16.1 run-time Out of memory allocating x byte device memory

Hi, there,

My code runs with version 15.10.
After updated to version 16.1, my code frequently stopped with message like:

Out of memory allocating 13421760 bytes of device memory
total/free CUDA memory: 2147155968/13303808
Present table dump for device[1]: NVIDIA Tesla GPU 0, compute capability 2.1
host:0xfed2360 device:0x2031a0000 size:13421760 presentcount:1+0 line:164 name:rublten_edge
host:0x7f6be80bfe80 device:0x202020000 size:13421760 presentcount:1+0 line:164 name:mass_edge
host:0x7ffcc849e4b0 device:0x201f20a00 size:96 presentcount:1+0 line:164 name:descriptor
host:0x7ffcc849ee50 device:0x201f20000 size:96 presentcount:1+0 line:164 name:descriptor
call to cuMemAlloc returned error 2: Out of memory


At first I am thinking this is a problem with GPU memory not cleared after previous failure. Then I am thinking it could be related to GPU and CPU bindings, as I have 6 GPU cards, and running 12 MPI talks.

Appreciate your help,

Thanks,

Wei

Hi Wei,

Do you know how much GPU memory each MPI process should use?
Can you reduce the problem size to see if using less memory works?
How are you binding MPI process to each GPU?
Does the error still occur after a system reboot?
Are there other processes running on the GPUs at the same time?
How do you allocate device memory? Using OpenACC data regions, CUDA C, CUDA Fortran, a combination?

Since it works with 15.10, it could be a compiler problem as well. If you can send us a reproducing example, that would be great and I can investigate, but if not, then sending me (trs@pgroup.com) the output logs from setting the environment variable “PGI_ACC_DEBUG” from both the 15.10 and 16.1 built binaries.
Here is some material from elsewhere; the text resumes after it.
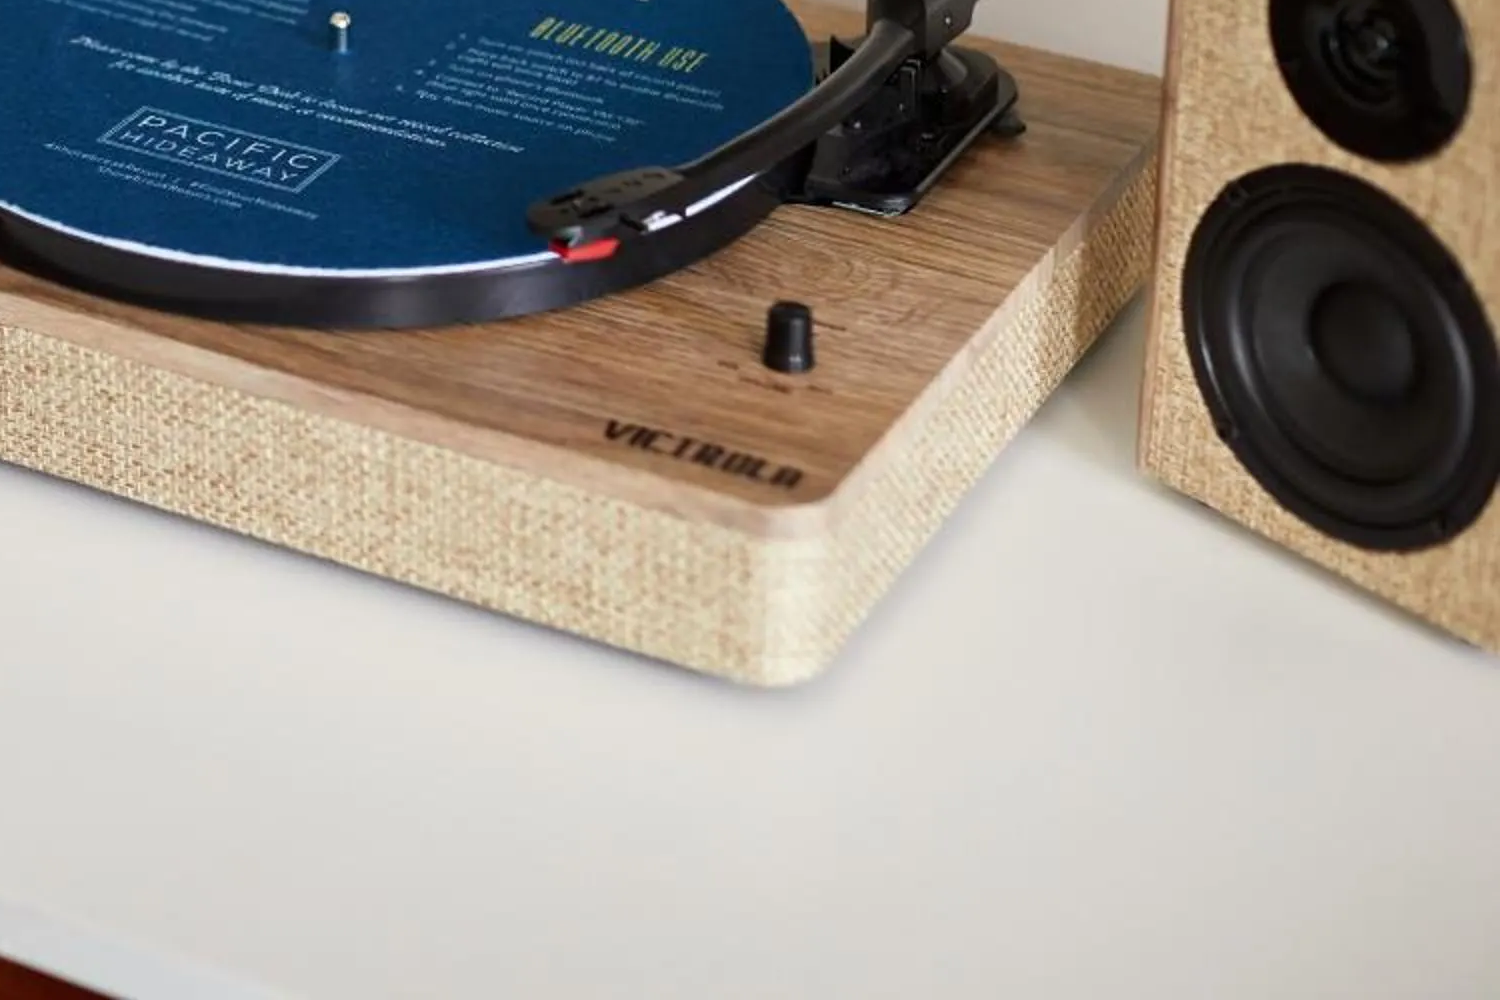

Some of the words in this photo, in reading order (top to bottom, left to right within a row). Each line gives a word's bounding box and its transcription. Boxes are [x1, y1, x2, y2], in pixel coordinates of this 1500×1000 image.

I may be able to tell what’s wrong but at least it might tell us if there is a problem.

  • Mat

Hello, Mat,

Here is the source code:
!$acc data copyin(rublten_Edge(1:nVertLevels, 1:nEdgesSolve)), &
!$acc copyin(mass_edge(1:nVertLevels, 1:nEdgesSolve)), &
!$acc copy(tend_u(1:nVertLevels, 1:nEdgesSolve))
!$acc kernels loop gang vector collapse(2) independent
do i = 1, nEdgesSolve
do k = 1, nVertLevels
tend_u(k,i)=tend_u(k,i)+rublten_Edge(k,i)*mass_edge(k,i)
enddo
enddo
!$acc end kernels
!$acc end data


So for this loop, the parameters are:

nCells = 163842
nEdges = 491520
nVertices = 327680
nVertLevelsP1 = 42
nVertLevels = 41

Where NEdgesSolve is less than nEdges.

So the Memory need is less than: 491520428*3 = 473M.

There is a way to reduce the problem size (but will take quite some time).

I did not bind MPI process to GPU, and I’d like to know how (as I have googled, but have not find anything useful yet).

I did not try system reboot, as I am not the sys-admin, and there are quite
few people are using this system (for different projects).

I do not think there are other processes are using GPU, as there are no
visualization job going on, and I am the only one using GPU (for computing).

As you can see above, I use OpenACC.

It is hard to get a simple reproducible example.
But if you are willing to check the whole code, I have no problem to
share the whole code (and data with you).

Thanks,

Wei

But if you are willing to check the whole code, I have no problem to
share the whole code (and data with you).

That works for me. Please either send the code or instructions on how to get the code to trs@pgroup.com and ask them to forward it to me.

Also, please include instruction on how to build and run the code, as well as include any needed data sets.

Thanks,
Mat

Mat,

I will set the source code and data set as instructed.

Thanks,

Wei

Quote from Mat:

My best guess as to the problem is that all 12 MPI processes are using the same GPU. If you don’t explicitly set the device, the default device (typically device 0) is used.

I have some boilerplate code that you’re welcome to use that sets MPI process to GPUs. See the code in the section titled “Step 1” from my article “5x in 5 hours” article: http://www.pgroup.com/lit/articles/insider/v4n1a3.htm

I checked Mat’s paper, and used his code to bind the GPU/CPU which solved my problem. And it also confirmed Mat’s guess, which my code (before change) had all MPI processes using device 0.

Thank you Mat!

Wei